Sue has an involuntary little shudder. “What about Adelaide?”
“It’s a pretty city, well laid out, but cold enough in July for snow.”
Sue looks at Roger with a raised eyebrow. “Right, not Melbourne or Adelaide, got it.”
“They’re not interested in Fred, but it’s up to us if we want to pay for him.”
“Oh, Roger. Can we take him?”
“Don’t see why not, but it looks extremely expensive, Sue. Can we afford it?”
“No we can’t, can we?”
“No. Sorry. It’s too expensive.”
Pushing unpalatable thoughts about Fred to the back of their minds, they press on regardless with due consideration about fuck-all but climate. They draw a beeline northwards on their only map and lo and behold find the very place that initially appealed to Roger.
“Perth!” They say in unison.
“Okay. Let’s avoid anywhere further south.”
“Agreed. It’s too cold. Can anyone wearing thermal underwear be happy at all times?”
“That’s one decision down, Sue. Now they only want us to choose mode of travel. Ship or plane?”
“Maybe we should get ourselves some brave or stupid pills?”
To try to relax, Roger switches on some soothing music; — Chopin is one of his favourites. They continue to contemplate. He prepares to make inroads on a bottle of Chateau cut-price red wine, which starts going down rough. Very rough! Like a rough diamond that has lost its sparkle they are about to slide into it like a ferret down a drainpipe.
“I know that tomorrow morning my head will hate me,” he is offering another glass to Sue with a grimace.
Sue sips her wine slowly. “If it comes down to twenty-four hours of misery in the air or throwing up on a ship for six weeks, at least on the boat we’d get fresh air.”
Roger sets his wine glass down in front of him, and gazes into it as if glimpsing an uncertain future.
That night in his dreams, he is still searching for his elusive Seal Flipper Pie, interrupted by female seals skipping across vast empty grey oceans in a chorus line carrying freshly made whale pies.
After scraping three glaciers from his car windscreen, he is unable to stand upright. Then in semi-foetal positions, they take turns at clutching the cold ceramic curves of the only toilet bowl shared with many on an 1850’s sailing ship. Retching and arching like sick cats amid the wild and brutal seas, while being offered and declining freshly baked pies, he receives further ridicule by his father, ‘What bloody fool chooses to go live upside down in a place inhabited only by convicts?’

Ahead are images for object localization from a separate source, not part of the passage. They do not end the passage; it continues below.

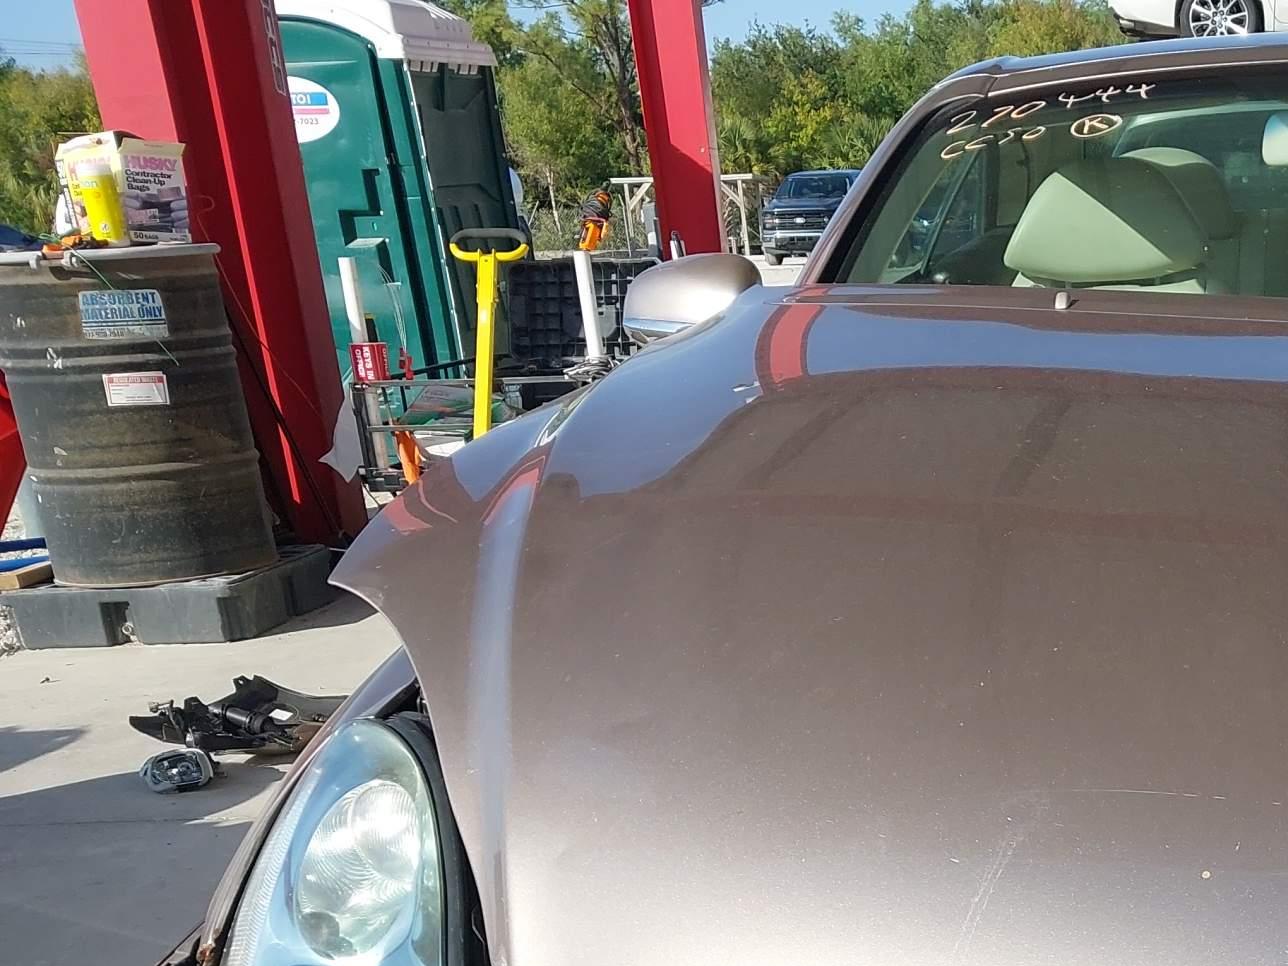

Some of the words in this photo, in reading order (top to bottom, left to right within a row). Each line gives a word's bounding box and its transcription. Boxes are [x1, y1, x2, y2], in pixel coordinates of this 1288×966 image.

[124, 155, 178, 171] HUSKY
[125, 169, 173, 179] Contractor
[126, 177, 166, 187] Clean-Up
[127, 184, 151, 193] Bags
[133, 231, 145, 240] 50
[82, 292, 156, 305] ABSORBENT
[83, 305, 138, 320] MATERIAL
[138, 303, 162, 318] ONLY
[362, 346, 373, 369] KEYS
[367, 370, 375, 380] IN
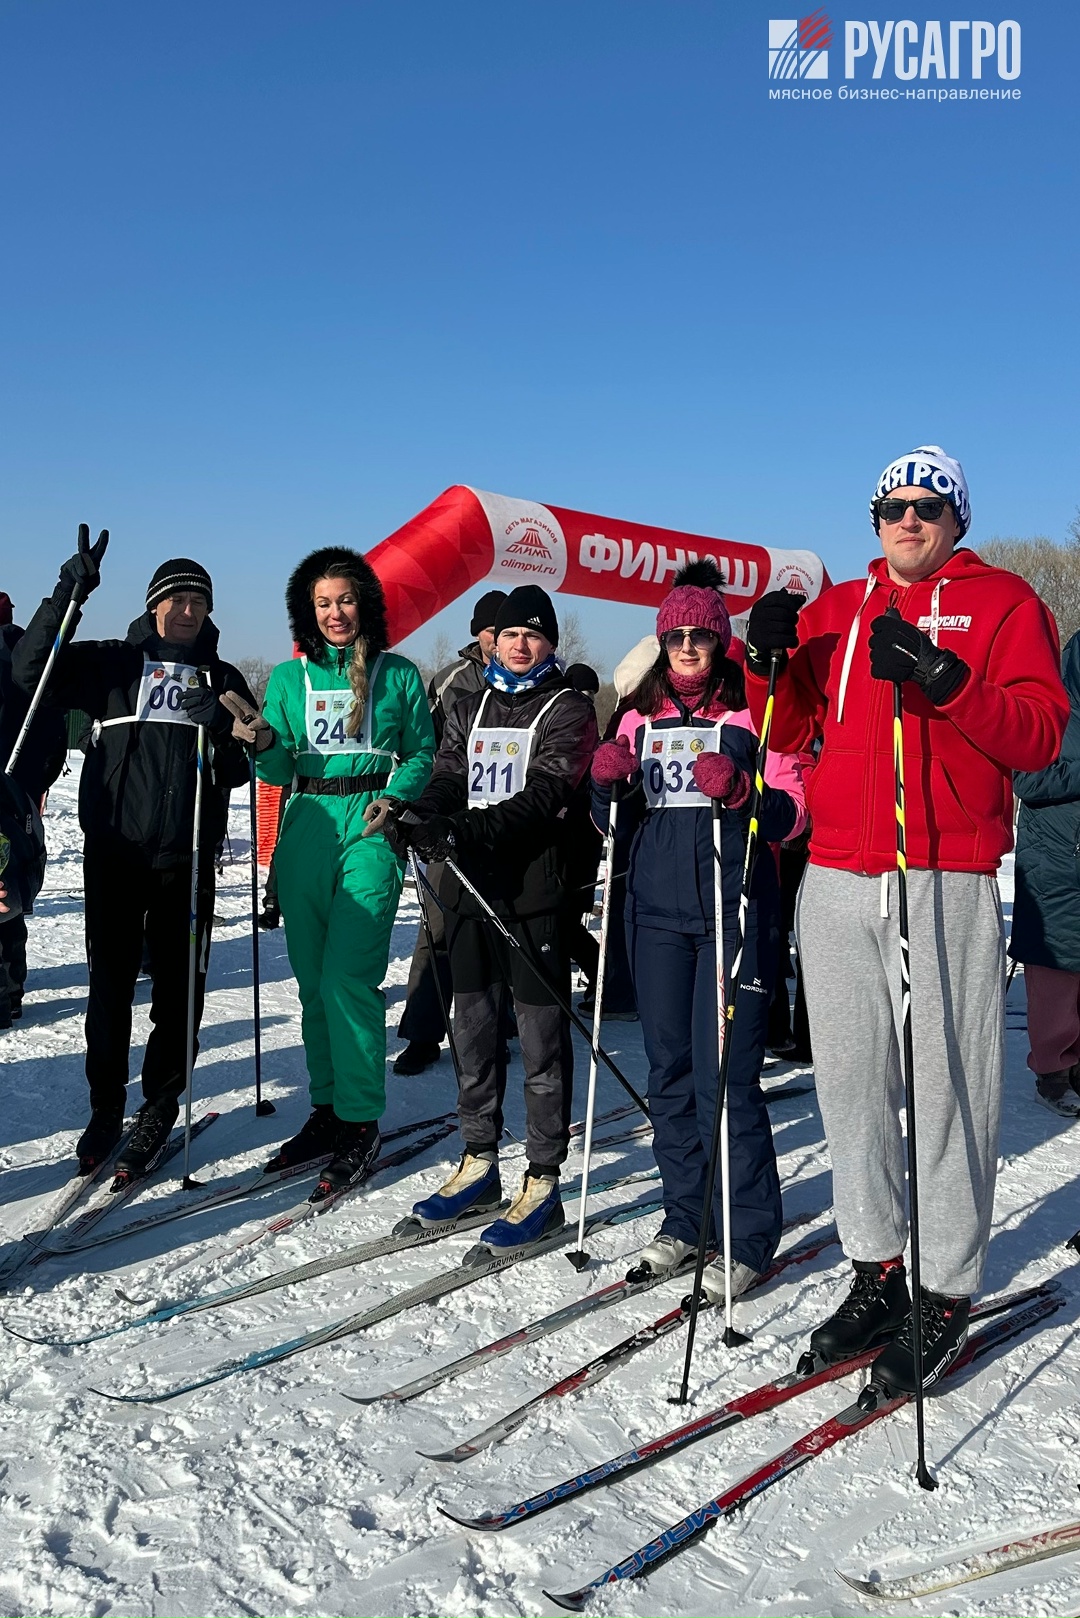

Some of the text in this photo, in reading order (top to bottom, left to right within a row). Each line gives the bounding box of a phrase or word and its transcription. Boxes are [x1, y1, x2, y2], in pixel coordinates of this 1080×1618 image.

Roger awakes in a clammy sweat. Silence. Fred must be asleep. No frantic whining. Good. His heart still races at the fading thoughts of throwing up. Quickly he realises that he has run out of dreams but now dozes afraid to repeat his nightmares.
Roger’s oblivion is clinched by Sue’s brilliant observation at breakfast.

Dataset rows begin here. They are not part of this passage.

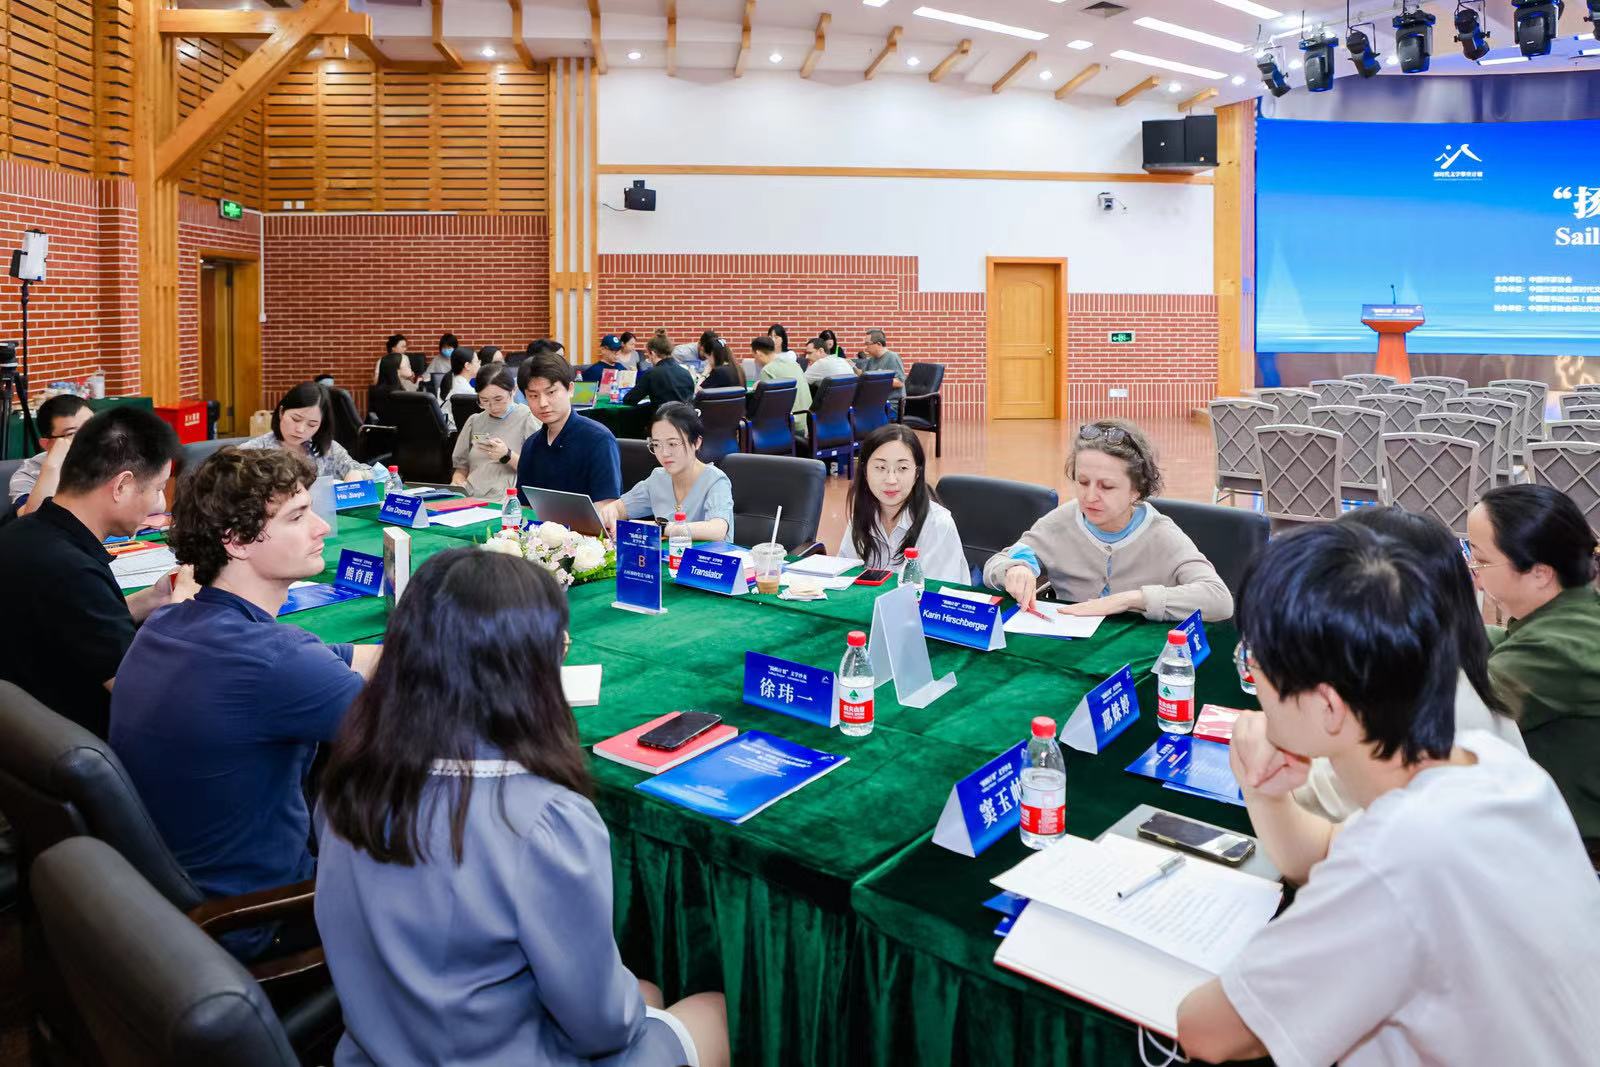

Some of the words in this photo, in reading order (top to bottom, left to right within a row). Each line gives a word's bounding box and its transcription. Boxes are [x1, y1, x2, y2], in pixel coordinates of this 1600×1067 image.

[690, 565, 724, 580] Translator
[922, 609, 942, 622] Karin
[942, 612, 988, 632] Hirschberger
[759, 677, 814, 704] 徐玮一
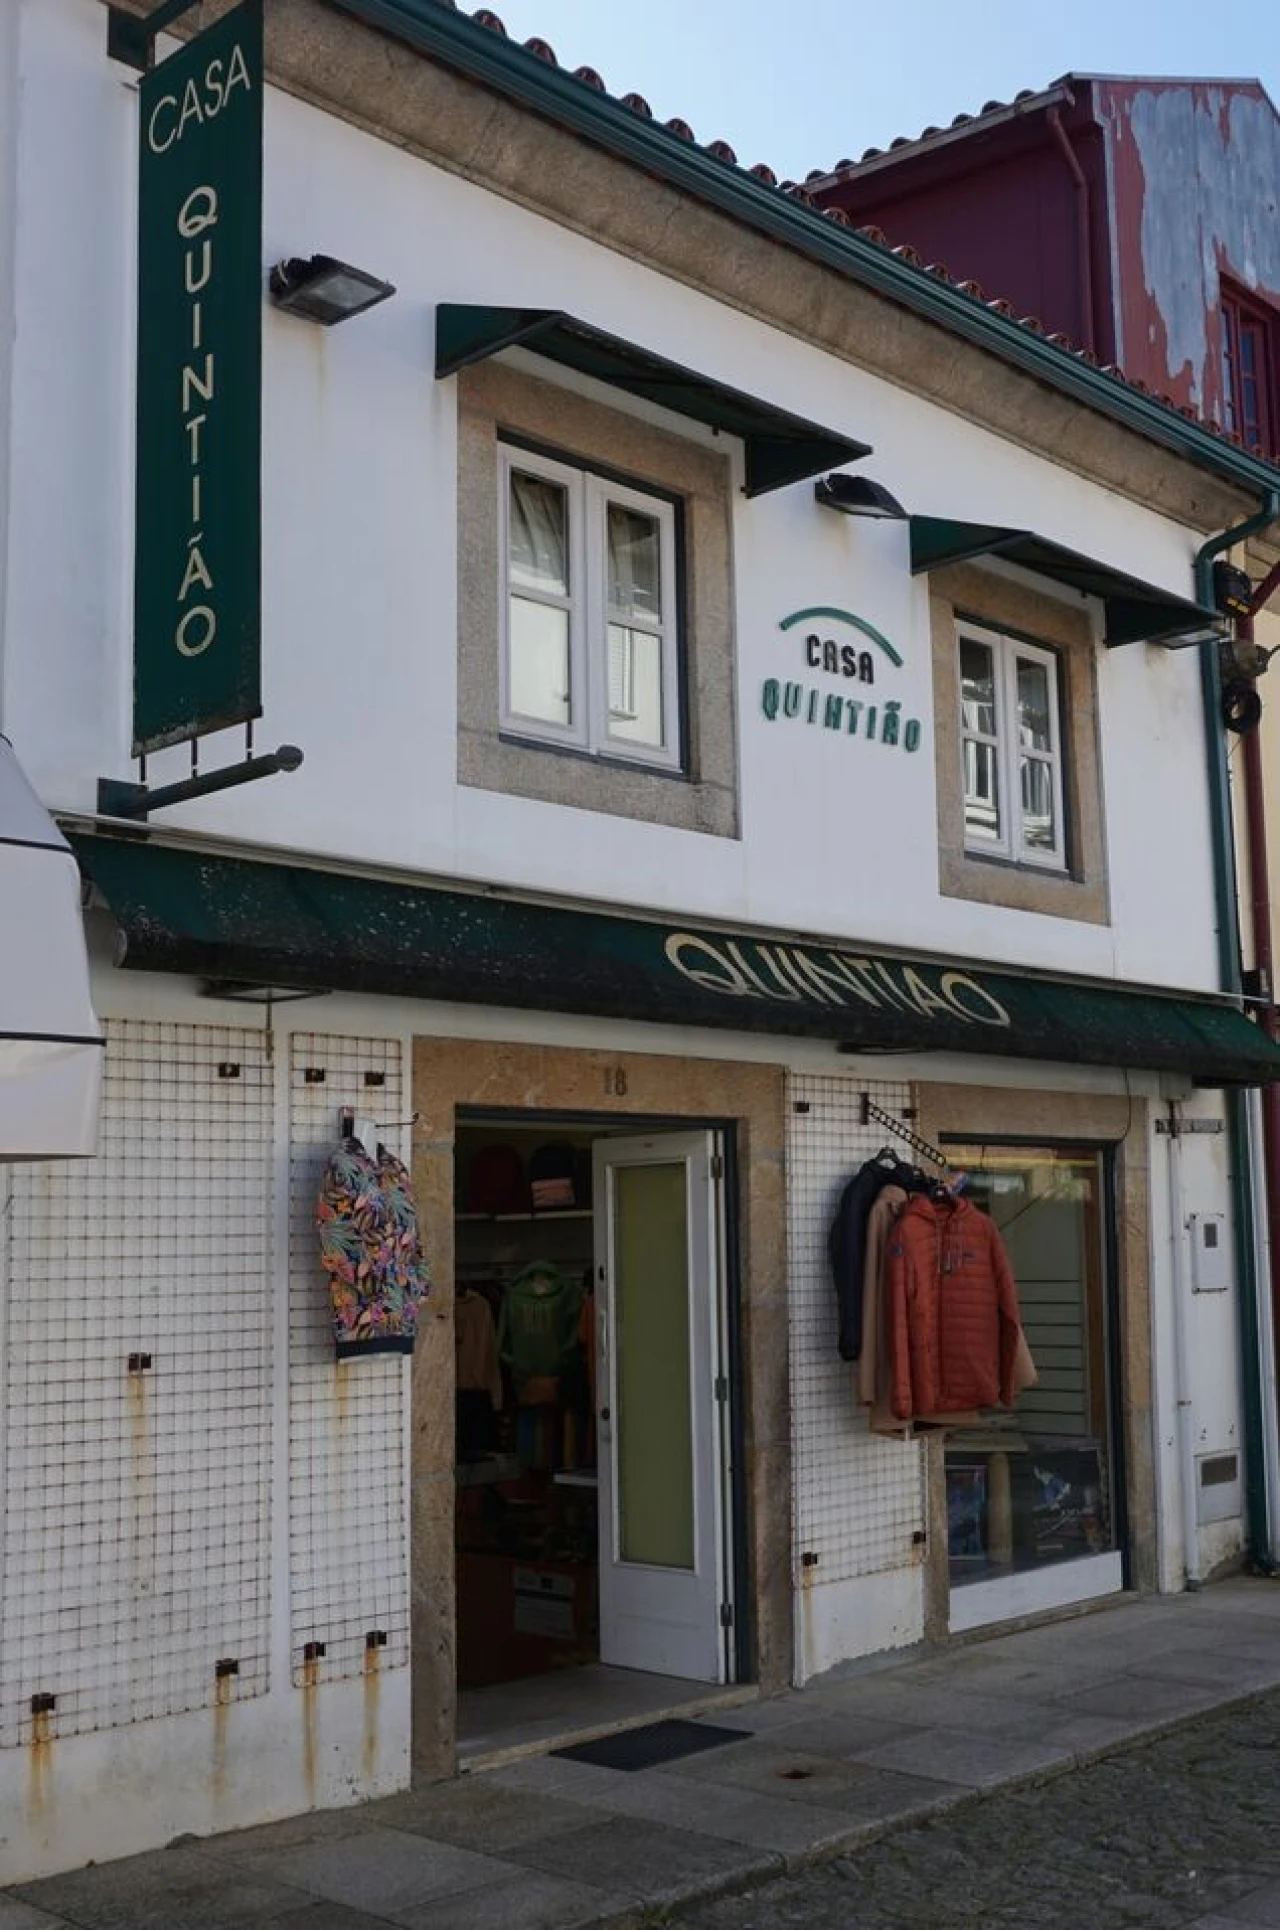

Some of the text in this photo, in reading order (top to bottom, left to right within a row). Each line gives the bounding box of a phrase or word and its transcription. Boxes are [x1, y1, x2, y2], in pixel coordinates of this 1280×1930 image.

[149, 44, 251, 153] CASA
[175, 186, 219, 657] QUINTIÃO
[806, 633, 875, 685] CASA
[762, 677, 921, 753] QUINTIÃO
[603, 1066, 629, 1096] 18

“You do realise that we won’t have any money to spend on the journey, either way we go. Perhaps the SS Wanna Be isn’t the best choice of transport. We’d be tempted to go ashore. Spend money.”

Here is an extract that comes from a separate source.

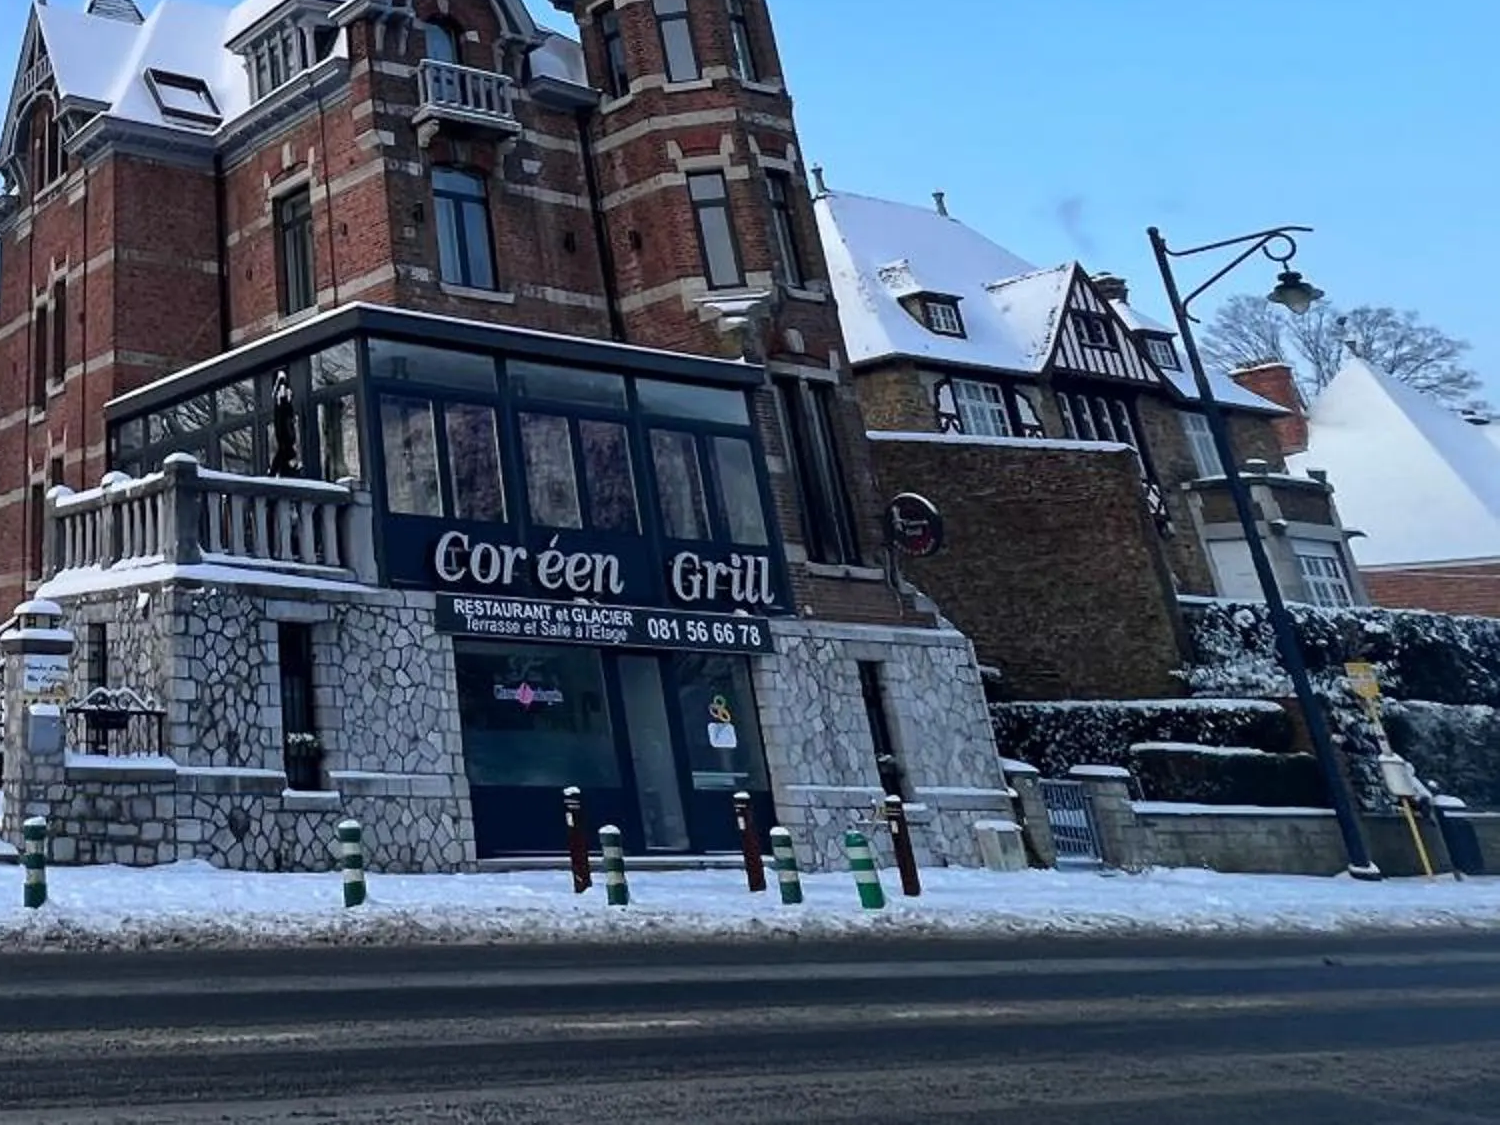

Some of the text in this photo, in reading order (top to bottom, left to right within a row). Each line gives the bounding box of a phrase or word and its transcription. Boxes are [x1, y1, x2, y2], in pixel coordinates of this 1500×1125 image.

“We’ve never had a holiday.”
“I know. Neither so much as a sun lounger in the rain, nor a dog eared book to read over a period of days.”
“Join a book club that only reads wine labels, and get guzzling, Sue. Maybe we’ll need a holiday after we arrive just to recover from all this?”
“Alright, now we’re aware that Poseidon is possibly not on our side; we don’t need any more soothing music.”
Roger’s mental awareness is ranging from that of a butter knife to an over-ripe plum, but they are on it like a fat kid on a cupcake.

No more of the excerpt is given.